→ EXERCISE OBJECTIVE
Write out the complete data exactly as written.

Items listed in a dataset
*****

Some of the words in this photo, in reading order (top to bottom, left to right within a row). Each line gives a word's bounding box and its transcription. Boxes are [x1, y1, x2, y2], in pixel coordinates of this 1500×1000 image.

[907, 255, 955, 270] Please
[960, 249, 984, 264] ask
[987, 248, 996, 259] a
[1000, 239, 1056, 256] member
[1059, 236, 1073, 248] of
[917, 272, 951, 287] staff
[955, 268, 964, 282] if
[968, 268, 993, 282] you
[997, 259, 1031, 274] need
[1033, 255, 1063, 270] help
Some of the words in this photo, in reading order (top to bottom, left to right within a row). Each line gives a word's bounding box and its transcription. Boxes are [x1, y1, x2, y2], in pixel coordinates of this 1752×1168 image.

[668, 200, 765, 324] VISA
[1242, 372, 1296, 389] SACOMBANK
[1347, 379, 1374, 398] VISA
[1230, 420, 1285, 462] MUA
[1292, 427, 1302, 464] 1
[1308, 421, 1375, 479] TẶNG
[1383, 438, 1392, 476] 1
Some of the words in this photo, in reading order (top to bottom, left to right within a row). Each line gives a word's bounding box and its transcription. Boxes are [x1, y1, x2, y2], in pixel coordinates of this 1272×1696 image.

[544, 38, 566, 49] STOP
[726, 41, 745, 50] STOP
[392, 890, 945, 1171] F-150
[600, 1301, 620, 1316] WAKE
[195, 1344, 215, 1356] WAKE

*****

→ TASK SOLUTION
Some of the words in this photo, in reading order (top to bottom, left to right within a row). Each line gives a word's bounding box and its transcription. Boxes are [x1, y1, x2, y2], in pixel coordinates of this 1500×1000 image.

[907, 255, 955, 270] Please
[960, 249, 984, 264] ask
[987, 248, 996, 259] a
[1000, 239, 1056, 256] member
[1059, 236, 1073, 248] of
[917, 272, 951, 287] staff
[955, 268, 964, 282] if
[968, 268, 993, 282] you
[997, 259, 1031, 274] need
[1033, 255, 1063, 270] help
Some of the words in this photo, in reading order (top to bottom, left to right within a row). Each line gives a word's bounding box and its transcription. Boxes are [x1, y1, x2, y2], in pixel coordinates of this 1752×1168 image.

[668, 200, 765, 324] VISA
[1242, 372, 1296, 389] SACOMBANK
[1347, 379, 1374, 398] VISA
[1230, 420, 1285, 462] MUA
[1292, 427, 1302, 464] 1
[1308, 421, 1375, 479] TẶNG
[1383, 438, 1392, 476] 1
Some of the words in this photo, in reading order (top to bottom, left to right within a row). Each line gives a word's bounding box and its transcription. Boxes are [x1, y1, x2, y2], in pixel coordinates of this 1272×1696 image.

[544, 38, 566, 49] STOP
[726, 41, 745, 50] STOP
[392, 890, 945, 1171] F-150
[600, 1301, 620, 1316] WAKE
[195, 1344, 215, 1356] WAKE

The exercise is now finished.